■ Task to carry out
Every record below is to be repeated exactly, with the pictures left out.

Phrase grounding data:
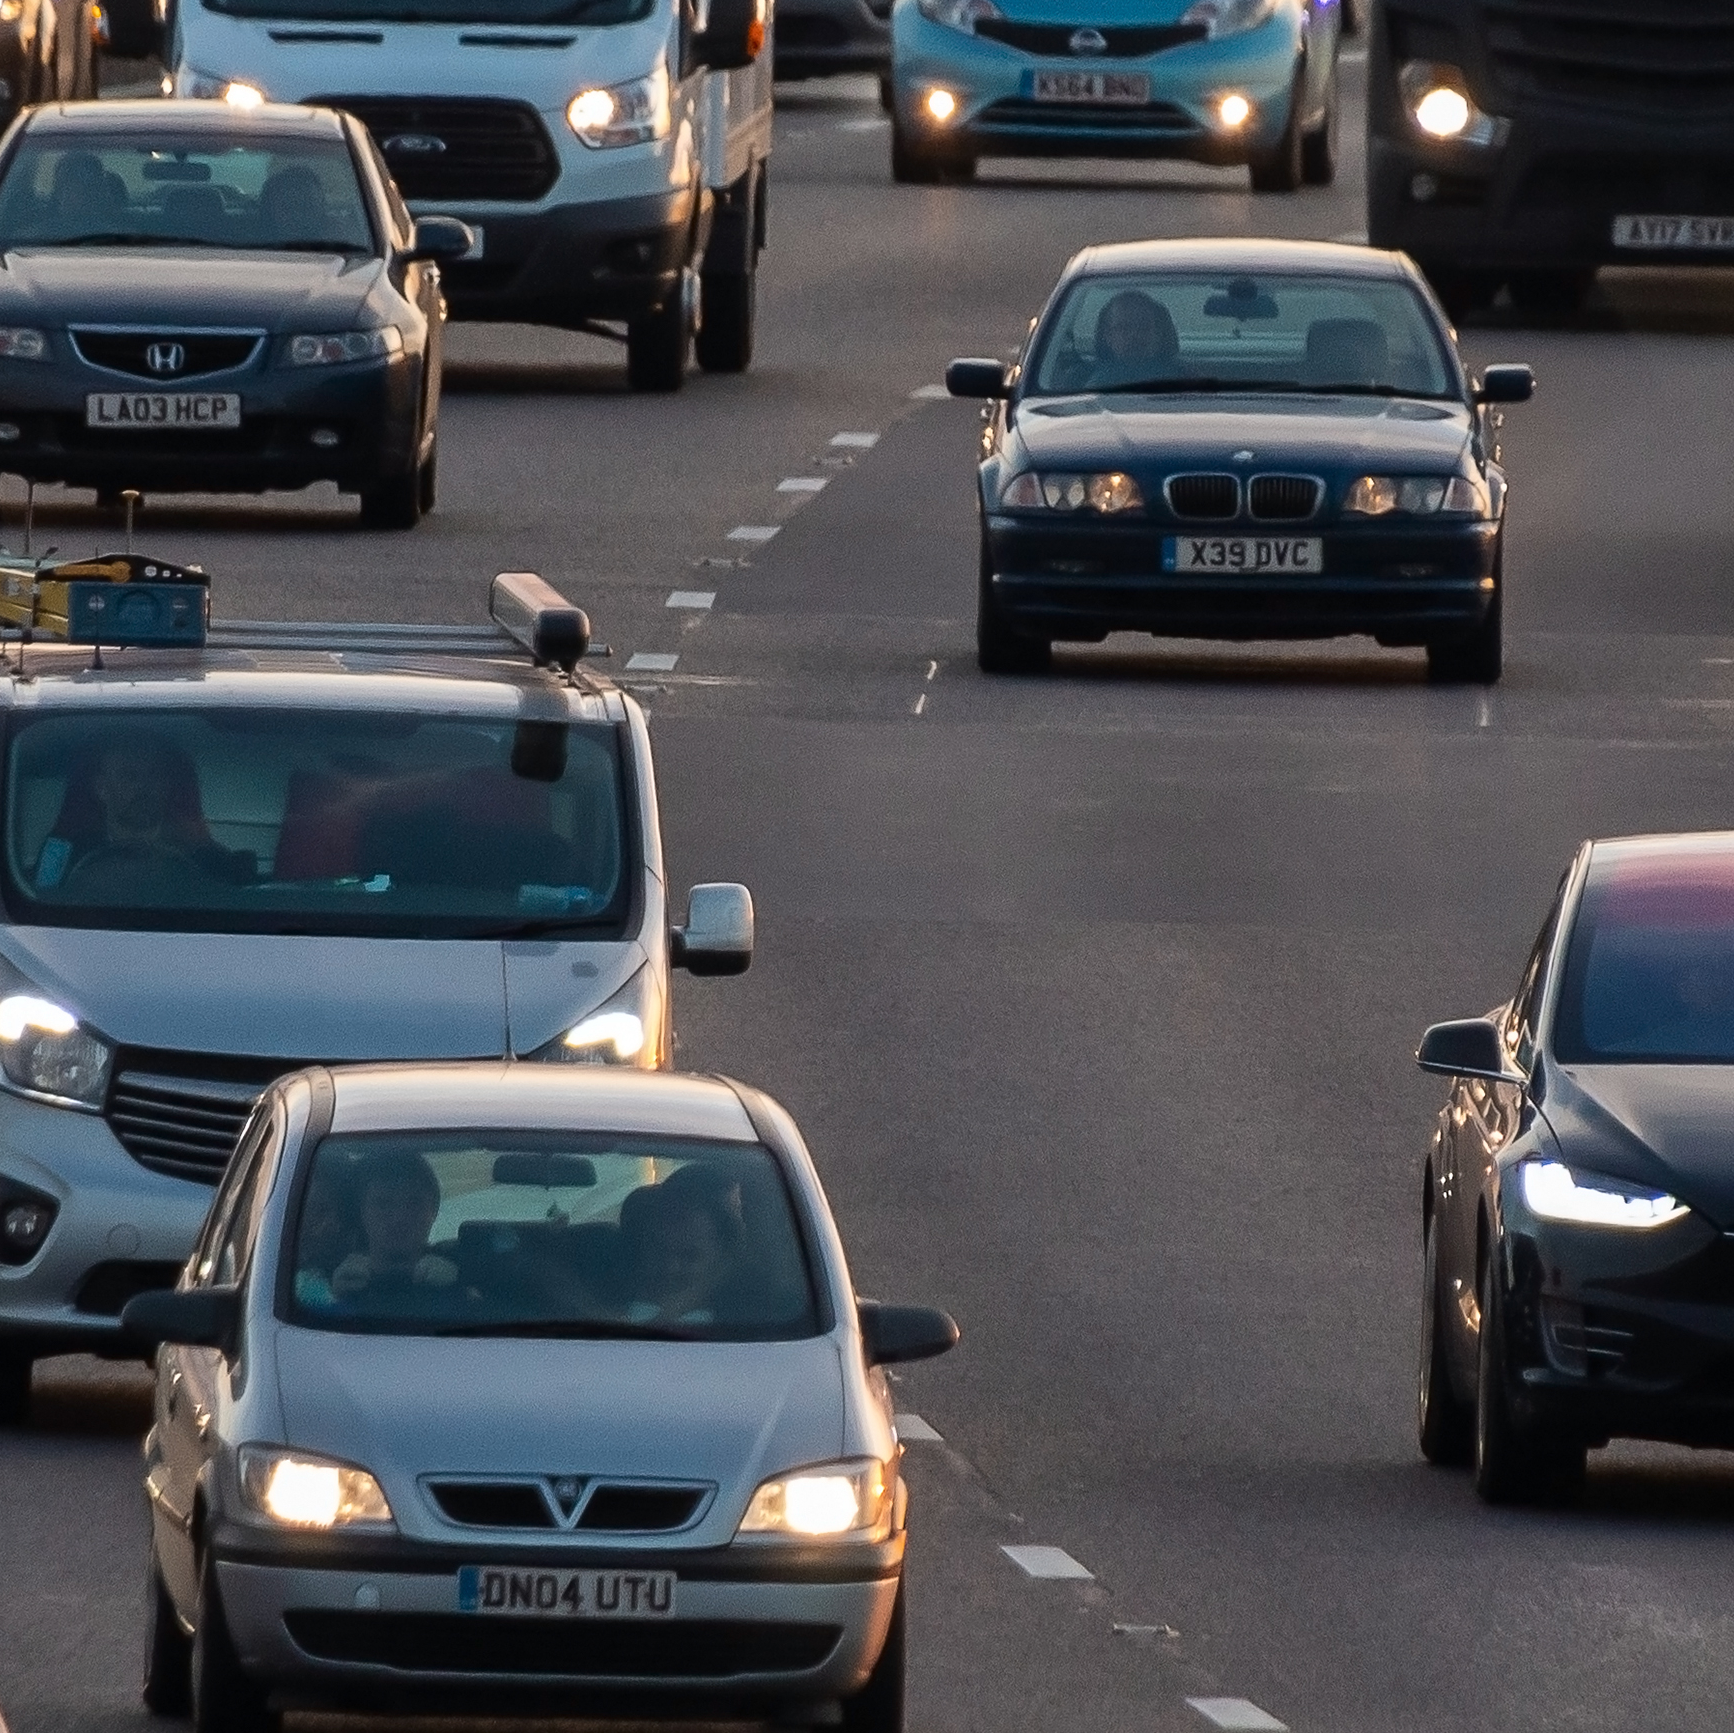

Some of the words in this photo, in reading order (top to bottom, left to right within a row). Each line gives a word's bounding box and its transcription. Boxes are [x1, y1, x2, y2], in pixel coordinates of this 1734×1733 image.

[97, 397, 168, 422] LA03
[175, 398, 228, 423] HCP
[1191, 541, 1246, 567] X39
[1256, 541, 1309, 568] DVC
[483, 1573, 582, 1611] DN04
[596, 1576, 673, 1613] UTU

■ Answer below
Some of the words in this photo, in reading order (top to bottom, left to right within a row). Each line gives a word's bounding box and its transcription. Boxes are [x1, y1, x2, y2], in pixel coordinates of this 1734×1733 image.

[97, 397, 168, 422] LA03
[175, 398, 228, 423] HCP
[1191, 541, 1246, 567] X39
[1256, 541, 1309, 568] DVC
[483, 1573, 582, 1611] DN04
[596, 1576, 673, 1613] UTU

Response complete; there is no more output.